Verdir les travaux publics, vaste chantier et question d'avenir

Routes, ponts, infrastructures pour l'énergie ou la fibre... les travaux publics émettent, au stade de la construction, 3,5% du CO2 national, mais in fine, ces ouvrages génèrent la moitié des émissions du pays, alerte la fédération du secteur, qui appelle à soutenir son verdissement.

Il faut "un new deal écologique en matière de politique d'infrastructures!", réclame la Fédération nationale des travaux publics (FNTP), expliquant vouloir aussi assurer l'avenir des entreprises.

"Il y a encore cinq ans, ce n'était pas le premier des sujets" pour les acteurs de la filière, dit à l'AFP Bruno Cavagné, qui préside la Fédération.

"Puis on a vu le climat, le monde, changer. On s'est interrogé: que fait-on? Quels seront nos métiers demain? Comment soutenir les engagements de la France sans être à la remorque?"

La Fédération a sollicité l'aide du cabinet spécialisé Carbone 4 et de l'Office français des conjonctures économiques (OFCE), embarquant pour deux ans de travaux. Ce diagnostic et plan d'action sera publié pour son forum jeudi, où sont attendus au moins une partie des candidats à la présidentielle.

Premier constat: dans les TP, la construction elle-même génère 3,5% des émissions de CO2 de la France.

Ces dix dernières années, cette empreinte s'est améliorée, dit M. Cavagné. "Le plus facile est recycler l'eau et équiper nos bâtiments en énergie renouvelable". Il existe des bétons "bas carbone", "si le maître d'ouvrage accepte de payer un peu plus".

Mais il y a des marges de progrès: "L'électrique ne marche pas pour nos gros engins. L'hydrogène n'est pas encore au point, il faut un modèle économique aux carburants à l'éthanol... Les équipements +stop and start+ des voitures, sont encore rares sur les engins de chantier..."

L'avancée peut dépendre aussi de politiques publiques: Suède et Norvège ont imposé les pelles électriques, un matériel deux fois plus onéreux que l'équivalent au gazole, note le patron de la FNTP.

Outre l'impact direct du secteur, l'étude a aussi mesuré l'indirect, le fameux "scope 3": l'usage des infrastructures. Et là, on monte à 50% des émissions nationales.

- De moins en moins le marteau-piqueur -

"Si on n'y travaille pas, on n'arrivera pas à décarboner la moitié du pays! Il faut que nous contribuions nous aussi à imaginer l'investissement, les scénarios", qui seront in fine autant de choix de politiques publiques, dit le patron de la Fédération.

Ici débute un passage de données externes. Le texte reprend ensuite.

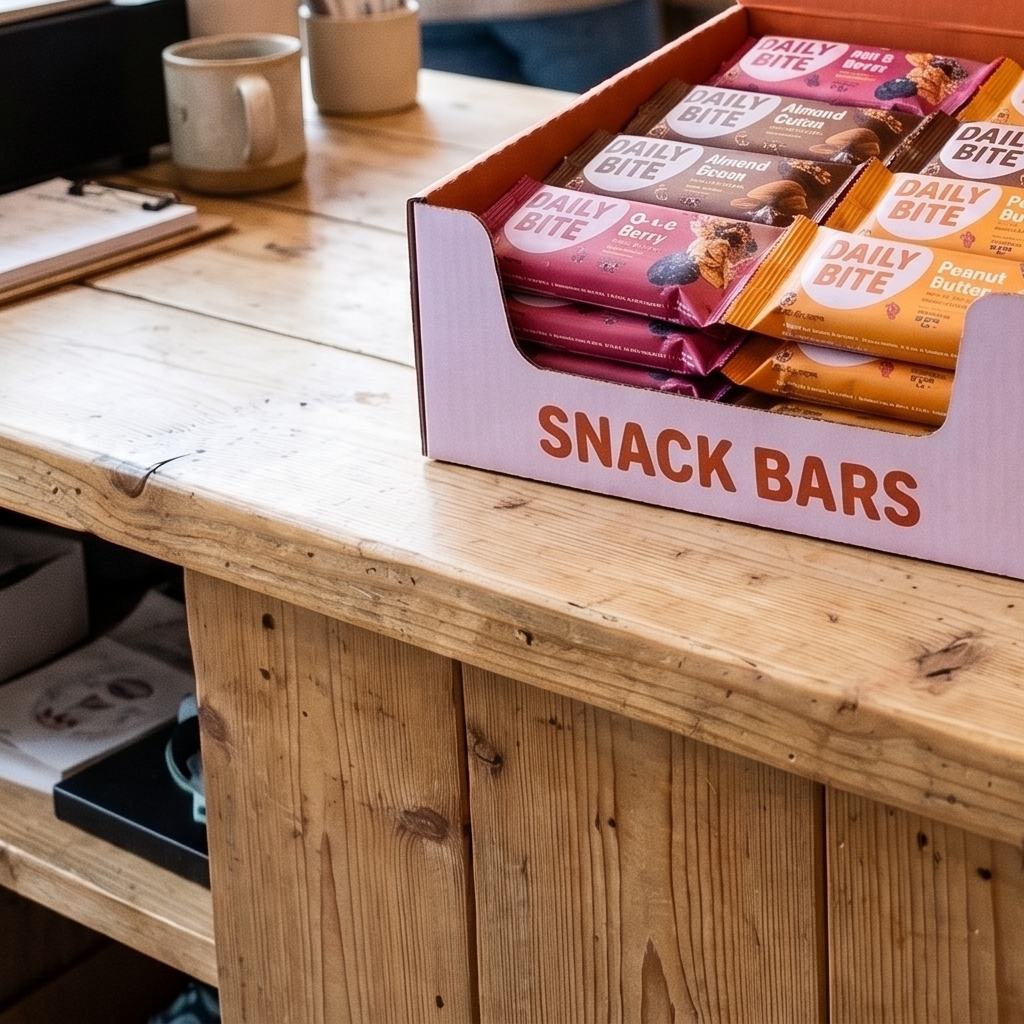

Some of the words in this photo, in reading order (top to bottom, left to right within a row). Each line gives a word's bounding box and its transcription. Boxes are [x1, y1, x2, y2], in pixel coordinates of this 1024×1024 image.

[757, 38, 838, 57] DAILY
[751, 52, 814, 71] BITE
[684, 89, 772, 111] DAILY
[677, 106, 745, 127] BITE
[604, 139, 694, 162] DAILY
[952, 144, 1024, 167] BITE
[594, 156, 666, 180] BITE
[894, 179, 991, 204] DAILY
[525, 191, 617, 220] DAILY
[887, 200, 965, 226] BITE
[514, 212, 589, 242] BITE
[617, 224, 668, 246] Berry
[820, 239, 921, 270] DAILY
[812, 263, 894, 295] BITE
[937, 260, 1007, 285] Peanut
[929, 275, 992, 297] Butter
[537, 404, 737, 493] SNACK
[753, 445, 921, 528] BARS

Carbone 4 et l'OFCE ont ainsi défini deux scénarios d'investissements, correspondant aux courants dominants du débat, le premier supposant une réduction des usages, le second leur mutation à travers l'innovation. Tous les deux impliquent des milliards d'euros.

"Pour nous, fédération, l'objectif est d'essayer d'amener 8.000 entreprises dans l'effort collectif", explique son président. "Sinon une part de notre travail disparaîtra: il faut écouter les demandes des maîtres d'ouvrage, commencer à s'adapter, se former".

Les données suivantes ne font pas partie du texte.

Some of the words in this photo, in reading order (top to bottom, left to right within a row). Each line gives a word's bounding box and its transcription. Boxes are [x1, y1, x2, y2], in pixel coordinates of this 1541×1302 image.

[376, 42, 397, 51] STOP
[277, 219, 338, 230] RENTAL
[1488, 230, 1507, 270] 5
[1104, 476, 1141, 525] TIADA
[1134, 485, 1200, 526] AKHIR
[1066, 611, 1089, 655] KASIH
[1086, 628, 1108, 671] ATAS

"La commande publique c'est 70% de notre activité, et on sent bien que les élus ont ces questions en tête: pistes cyclables, îlots de fraîcheur, restauration des milieux naturels..."

Plus qu'aux géants Eiffage, Colas, Vinci, déjà mobilisés, il faut "l'expliquer aux nombreuses PME sur le territoire, qui ont le nez dans le guidon".

Le secteur, qui génère 79 milliards d'euros de chiffre d'affaires (plus de 40% à l'étranger), emploie directement 310.000 personnes en France.

La fédération compte donc décliner son rapport en région, avec 140 propositions d'actions. Elle vise une réduction de 40% des émissions pour l'ensemble du secteur à horizon 2030 par rapport à 1990.

"Ce n'est que le début de nos travaux", dit M. Cavagné, qui "croit en la jeune génération" et voit aussi le moyen de montrer "l'attractivité de nos métiers": "les TP, c'est de moins en moins le marteau-piqueur!"

Jeudi, le secteur écoutera aussi les propositions des candidats à l'Elysée, invités à s'exprimer sur cette "transition" lors de son forum au Grand Palais éphémère.

Quant à ses propres efforts collectifs, il promet de les mesurer régulièrement, via un comité de suivi composé pour moitié de personnalités indépendantes et présidé par l'ex-ministre Brice Lalonde.